Intéressante, la vision des GJ par la bourgeoisie consensuelle, comme étant la lie du peuple se révoltant contre l'ordre établi et à mater pour la faire rentrer dans le rang, classe dérangeante et inculte . Halimi et Rimbert y voient la conséquence d'un lent processus de destruction et de remplacement de la classe ouvrière et d'un "brouillage idéologique" des repères, par les tenants de l'ultra libéralisme dès les années 80.
C'est vrai mais pas seulement pour les raisons citées, car les 30 000 irréductibles du samedi sont loin de représenter la seule population défavorisée du pays (8.5 millions de pauvres en 2017, selon l'Insee) et ils conservent un capital de sympathie estimé à 61 % de la population (Médiapart du 4 avril 2019). D'autre part les résultats du dépouillement numérisé du Grand Débat démontrent que le niveau moyen des participants est celui de gens éduqués et politisés. Enfin, ce mouvement perdure et se cristallise en dehors de toute structure, démontrant ainsi la profondeur et l'urgence vitale de ses revendications, ce qui est nouveau.
L'analyse qu'en font la plupart des médias est en effet méprisante et hautaine, mais est le résultat, non pas d'un réflexe complotiste consensuel comme le sous entendent nos auteurs, mais de journalistes, philosophes, politiques et autres observateurs gavés individuellement de privilèges par l'oligarchie et qui ont tout simplement peur de les perdre. En outre, l'immaturité politique de nos actuels dirigeants ne fait qu'accentuer l'incitation de tous ces nantis à exprimer leur inquiétude et à raconter n'importe quoi afin de discréditer ce mouvement.
Si les GJ n'ont pas trouvé d'autre moyen de s'exprimer, c'est plus probablement parce que les corps intermédiaires, les partis politiques et les religieux se sont désengagés de leurs missions de formation, d'information, d'éducation et d'entraide, pour profiter eux aussi des miettes qui leur étaient jetées en contrepartie par cette oligarchie née de la mondialisation et de la financiarisation du début des années 80. Les "bourgeois" sont alors passés sous la coupe des très riches et le peuple est devenu un boulet chichement astreint au Smic, aux allocs et accessoirement à aller voter.
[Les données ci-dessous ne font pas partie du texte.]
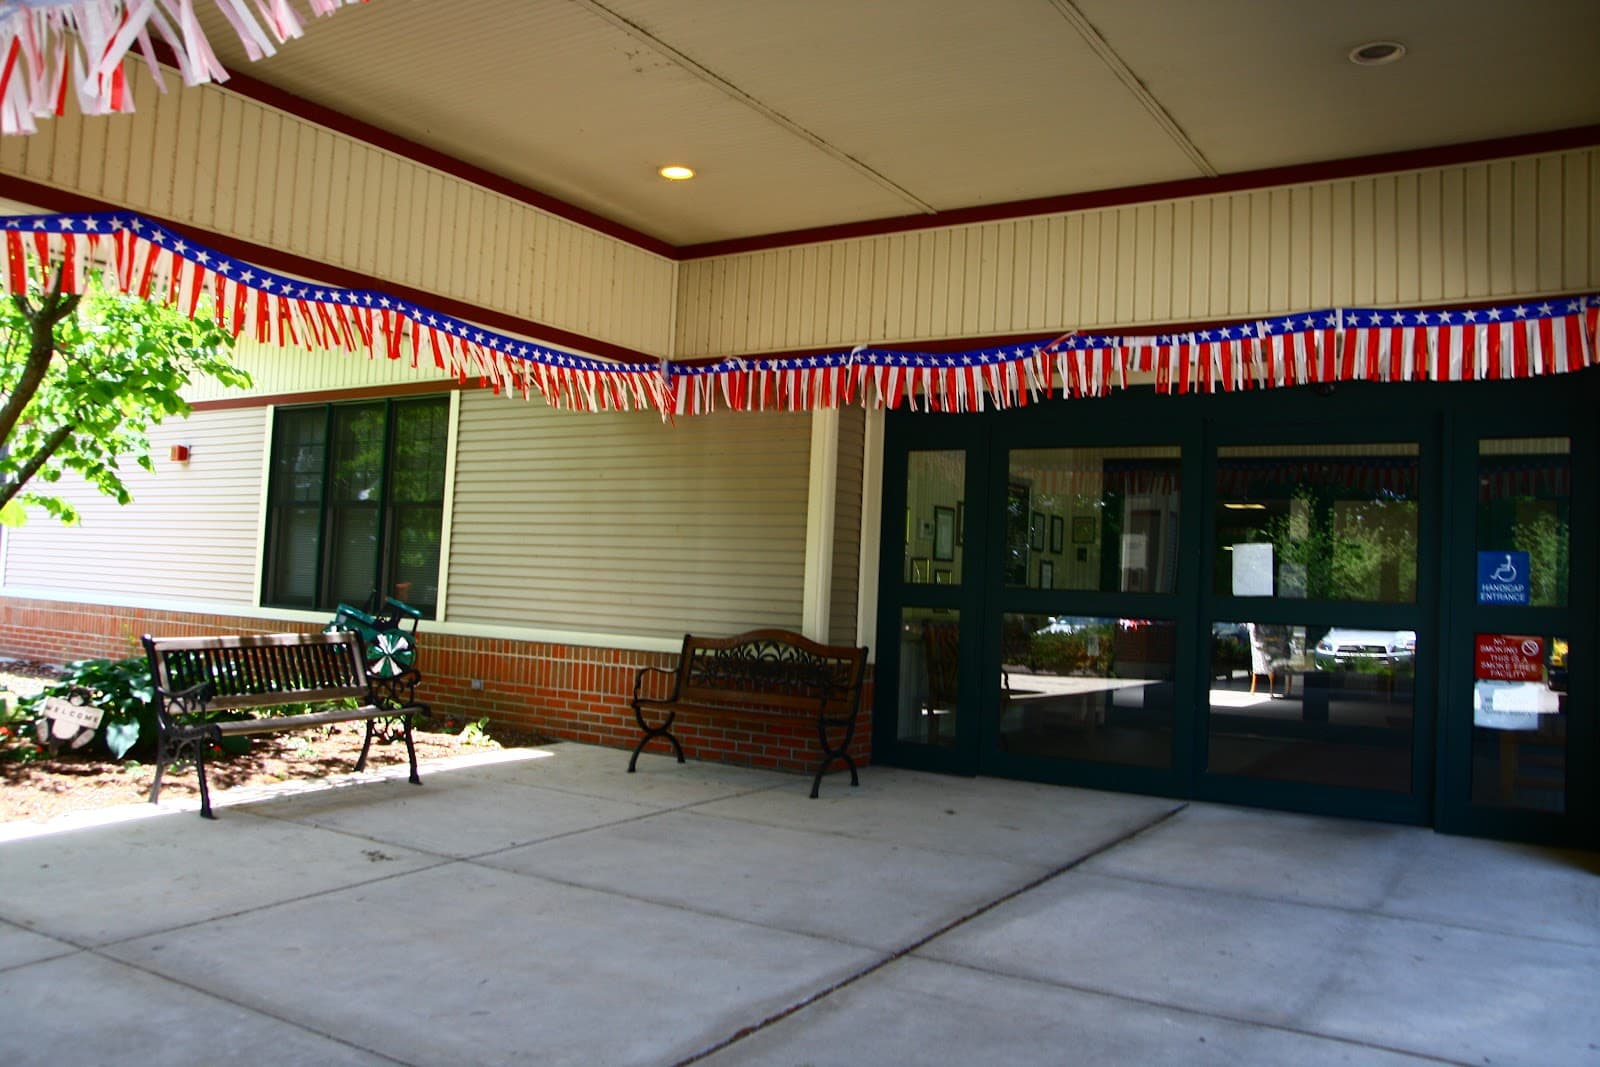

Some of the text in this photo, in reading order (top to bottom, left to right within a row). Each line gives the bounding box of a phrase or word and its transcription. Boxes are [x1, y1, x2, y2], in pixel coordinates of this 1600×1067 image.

[1481, 583, 1525, 593] HANDICAP
[1480, 592, 1525, 601] ENTRANCE
[1493, 638, 1506, 646] NO
[1480, 645, 1519, 654] SMOKING
[1481, 661, 1537, 672] SMOKE FREE
[1490, 670, 1527, 679] FACILITY
[46, 704, 99, 723] WELCOME
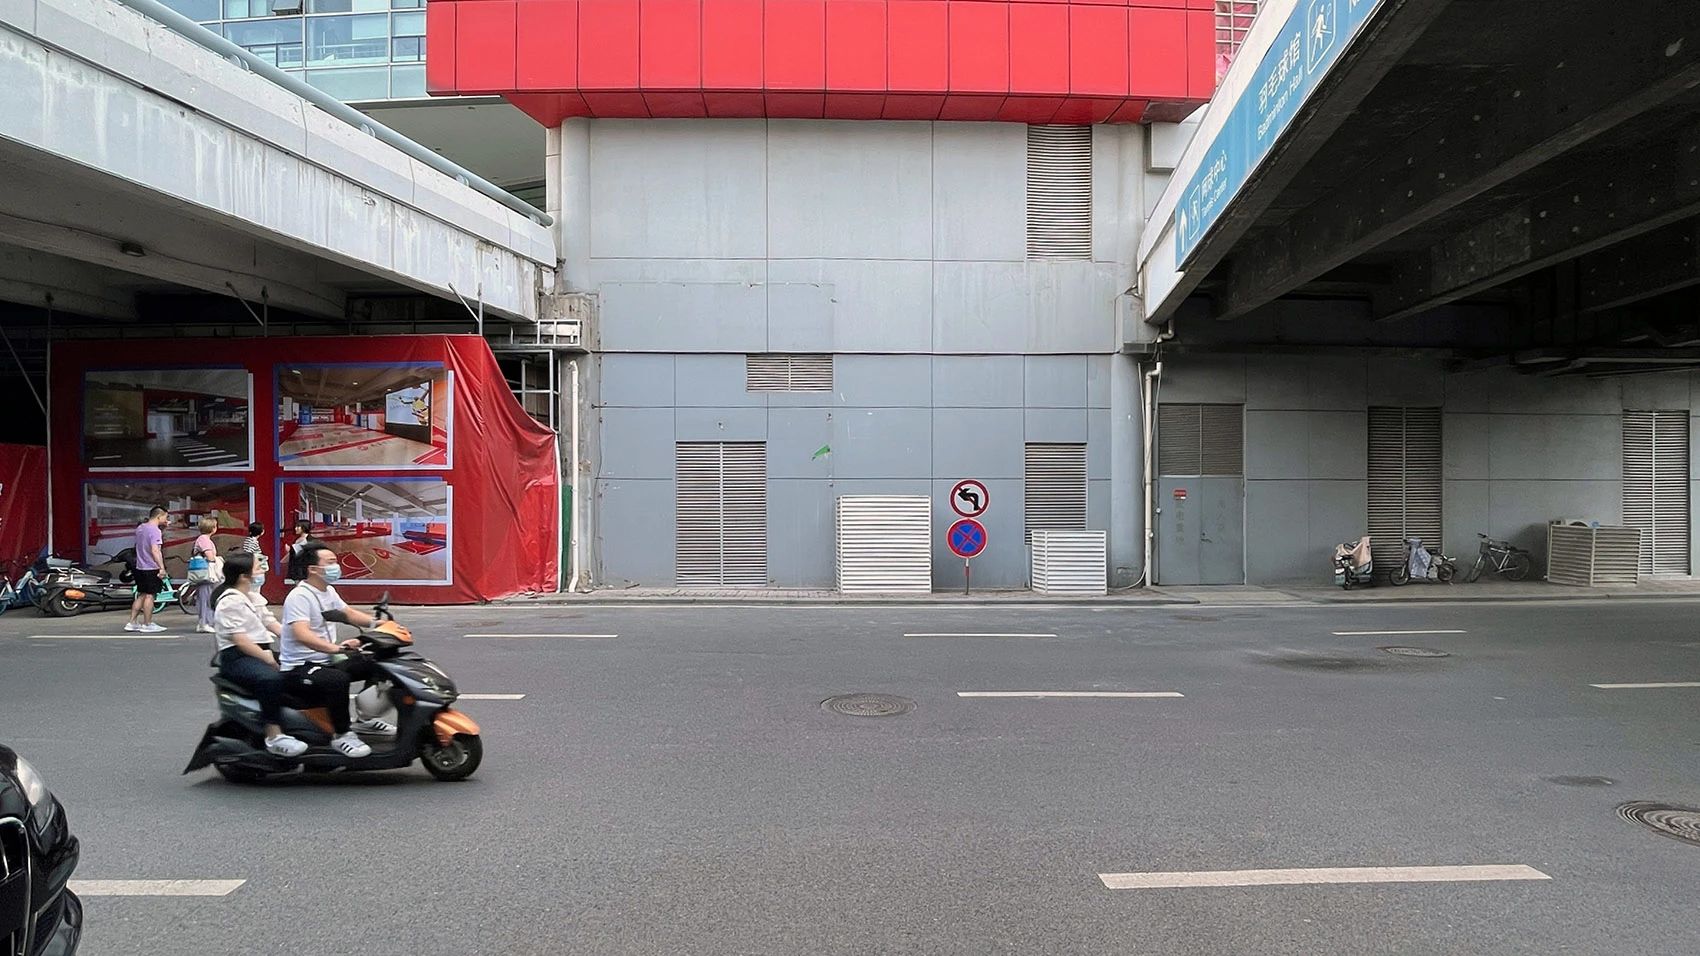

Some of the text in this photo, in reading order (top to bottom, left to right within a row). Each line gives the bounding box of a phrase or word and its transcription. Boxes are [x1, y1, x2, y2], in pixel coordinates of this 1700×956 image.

Ce qu'il n'accepte plus et le fait savoir.
Aujourd'hui, les classes moyennes en ont assez de payer pour tout le monde et sont prêtes à soutenir les mouvements populaires contre les très riches de plus en plus contestés. Le prochain krach financier attendu pour les années 2020 / 2024, (plus de la moitié de la richesse mondiale est faite de dettes des Etats auprès des banques mondiales), risque de tout bouleverser et c'est ce qui fait le plus peur à nos élites et à cette bourgeoisie bêlante, car alors les GJ ne seront plus 30 000, mais des centaines de milliers, voire plus, à manifester.